Re: new model theory for DAML+OIL

From: Pat Hayes (phayes@ai.uwf.edu)
Date: 10/10/01


>I didn't account for blank nodes in the model theory in a way that is easy
>to define a decent notion of entailment, so I put together a revision of
>the model theory.   The development of interpretations and models is now
>similar to yours.
>
>I believe that entailment has
>
>	G |= G'
>
>for G' isomorphic to G, which would have been somewhat difficult to achieve
>in the previous model theory.

? Not sure I follow you.

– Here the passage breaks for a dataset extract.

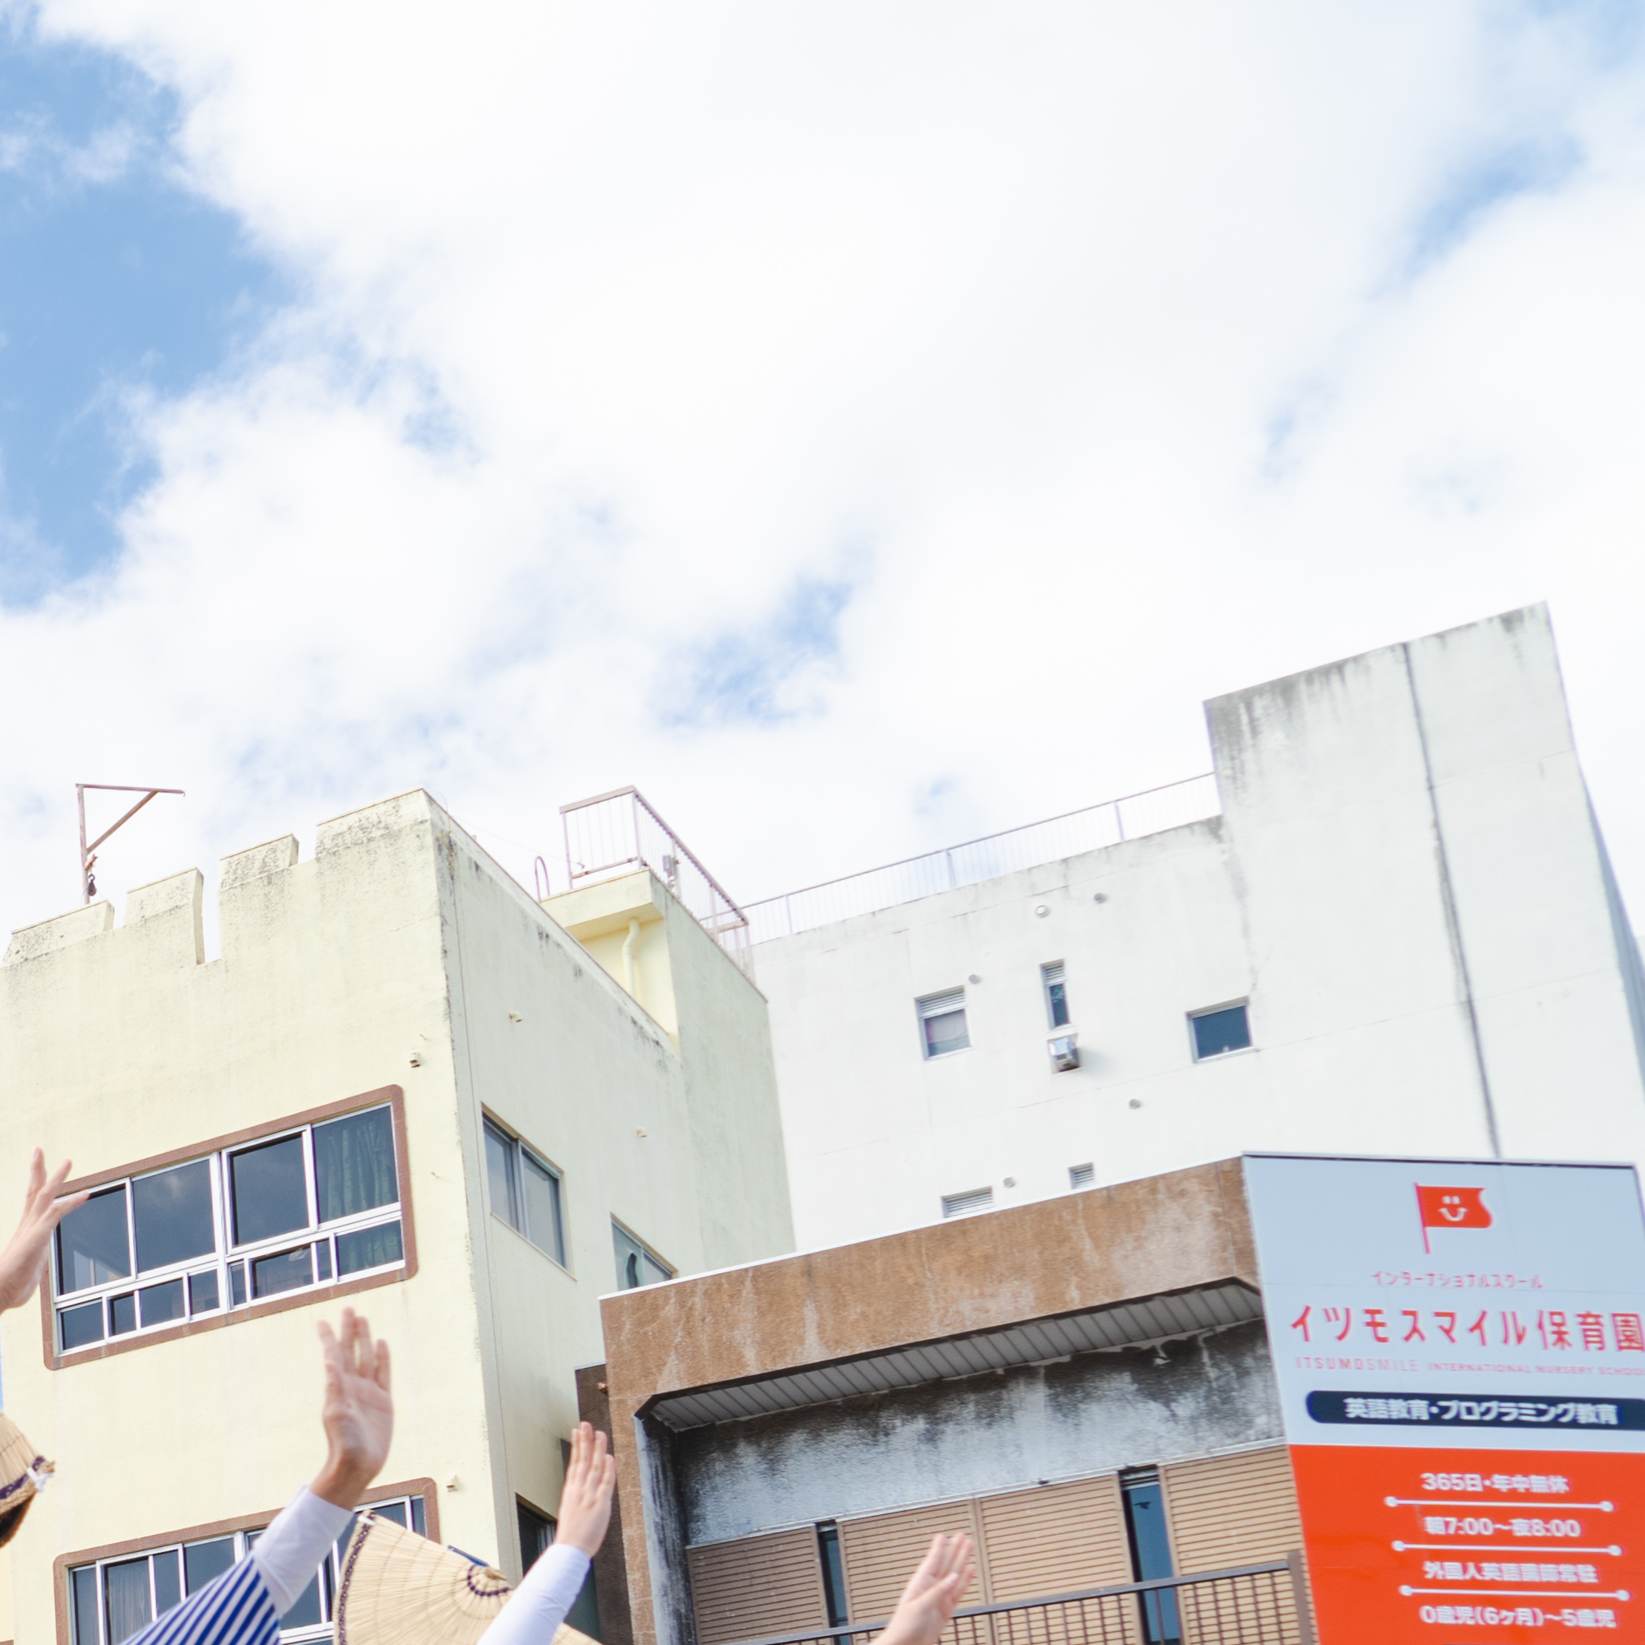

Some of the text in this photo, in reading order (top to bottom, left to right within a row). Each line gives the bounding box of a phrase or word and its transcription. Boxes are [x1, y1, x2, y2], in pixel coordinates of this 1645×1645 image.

If you mean (labelled)graph-isomorphism, 
that is trivial in the rdf MT, whereas I think it actually does not 
follow in yours, since the same literal may denote something 
different in G and in G' (?)

>
>peter
>
>
>	Alternative Model Theory for RDF and RDF Schema plus Datatypes
>
>Here is an alternative model theory for RDF and RDF Schema.   The attempt
>here is to have a model theory for RDF and RDF Schema that can be extended
>to datatypes, as I have proposed them.

For the record, I would also very much like to make that extension possible.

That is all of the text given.